*Assignment:*
Please copy out all the data. Every detail stays the same.

*Data shown:*
((

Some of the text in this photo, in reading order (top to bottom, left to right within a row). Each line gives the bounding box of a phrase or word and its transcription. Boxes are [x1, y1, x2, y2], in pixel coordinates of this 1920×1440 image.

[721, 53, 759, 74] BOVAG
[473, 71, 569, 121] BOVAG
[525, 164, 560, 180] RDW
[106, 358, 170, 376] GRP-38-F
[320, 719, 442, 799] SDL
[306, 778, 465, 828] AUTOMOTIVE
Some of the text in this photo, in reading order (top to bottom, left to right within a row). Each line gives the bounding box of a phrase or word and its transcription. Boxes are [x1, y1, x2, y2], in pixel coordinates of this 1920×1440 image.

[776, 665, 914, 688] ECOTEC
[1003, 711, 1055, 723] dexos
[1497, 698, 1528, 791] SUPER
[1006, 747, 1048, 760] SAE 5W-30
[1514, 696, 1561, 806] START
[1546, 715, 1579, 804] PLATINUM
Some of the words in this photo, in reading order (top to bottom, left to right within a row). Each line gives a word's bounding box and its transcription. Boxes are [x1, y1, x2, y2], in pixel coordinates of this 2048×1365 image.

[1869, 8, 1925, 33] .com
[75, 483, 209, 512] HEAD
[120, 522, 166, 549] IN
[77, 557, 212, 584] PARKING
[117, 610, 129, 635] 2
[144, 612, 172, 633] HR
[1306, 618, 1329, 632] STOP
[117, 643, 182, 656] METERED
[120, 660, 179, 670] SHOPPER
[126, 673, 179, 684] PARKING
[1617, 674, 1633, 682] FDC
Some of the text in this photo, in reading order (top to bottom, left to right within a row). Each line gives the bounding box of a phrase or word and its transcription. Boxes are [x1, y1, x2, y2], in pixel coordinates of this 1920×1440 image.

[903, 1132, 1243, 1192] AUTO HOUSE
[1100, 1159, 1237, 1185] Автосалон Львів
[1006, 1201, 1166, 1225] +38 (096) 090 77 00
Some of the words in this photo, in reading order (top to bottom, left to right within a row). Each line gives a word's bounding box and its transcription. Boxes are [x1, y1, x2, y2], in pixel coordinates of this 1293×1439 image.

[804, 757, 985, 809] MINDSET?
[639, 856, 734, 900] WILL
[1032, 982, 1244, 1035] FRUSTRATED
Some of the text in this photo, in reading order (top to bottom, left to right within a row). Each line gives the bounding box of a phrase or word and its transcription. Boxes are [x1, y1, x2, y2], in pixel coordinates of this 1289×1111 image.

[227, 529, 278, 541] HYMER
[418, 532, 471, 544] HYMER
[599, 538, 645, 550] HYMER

))

*Response for this exercise:*
Some of the text in this photo, in reading order (top to bottom, left to right within a row). Each line gives the bounding box of a phrase or word and its transcription. Boxes are [x1, y1, x2, y2], in pixel coordinates of this 1920×1440 image.

[721, 53, 759, 74] BOVAG
[473, 71, 569, 121] BOVAG
[525, 164, 560, 180] RDW
[106, 358, 170, 376] GRP-38-F
[320, 719, 442, 799] SDL
[306, 778, 465, 828] AUTOMOTIVE
Some of the text in this photo, in reading order (top to bottom, left to right within a row). Each line gives the bounding box of a phrase or word and its transcription. Boxes are [x1, y1, x2, y2], in pixel coordinates of this 1920×1440 image.

[776, 665, 914, 688] ECOTEC
[1003, 711, 1055, 723] dexos
[1497, 698, 1528, 791] SUPER
[1006, 747, 1048, 760] SAE 5W-30
[1514, 696, 1561, 806] START
[1546, 715, 1579, 804] PLATINUM
Some of the words in this photo, in reading order (top to bottom, left to right within a row). Each line gives a word's bounding box and its transcription. Boxes are [x1, y1, x2, y2], in pixel coordinates of this 2048×1365 image.

[1869, 8, 1925, 33] .com
[75, 483, 209, 512] HEAD
[120, 522, 166, 549] IN
[77, 557, 212, 584] PARKING
[117, 610, 129, 635] 2
[144, 612, 172, 633] HR
[1306, 618, 1329, 632] STOP
[117, 643, 182, 656] METERED
[120, 660, 179, 670] SHOPPER
[126, 673, 179, 684] PARKING
[1617, 674, 1633, 682] FDC
Some of the text in this photo, in reading order (top to bottom, left to right within a row). Each line gives the bounding box of a phrase or word and its transcription. Boxes are [x1, y1, x2, y2], in pixel coordinates of this 1920×1440 image.

[903, 1132, 1243, 1192] AUTO HOUSE
[1100, 1159, 1237, 1185] Автосалон Львів
[1006, 1201, 1166, 1225] +38 (096) 090 77 00
Some of the words in this photo, in reading order (top to bottom, left to right within a row). Each line gives a word's bounding box and its transcription. Boxes are [x1, y1, x2, y2], in pixel coordinates of this 1293×1439 image.

[804, 757, 985, 809] MINDSET?
[639, 856, 734, 900] WILL
[1032, 982, 1244, 1035] FRUSTRATED
Some of the text in this photo, in reading order (top to bottom, left to right within a row). Each line gives the bounding box of a phrase or word and its transcription. Boxes are [x1, y1, x2, y2], in pixel coordinates of this 1289×1111 image.

[227, 529, 278, 541] HYMER
[418, 532, 471, 544] HYMER
[599, 538, 645, 550] HYMER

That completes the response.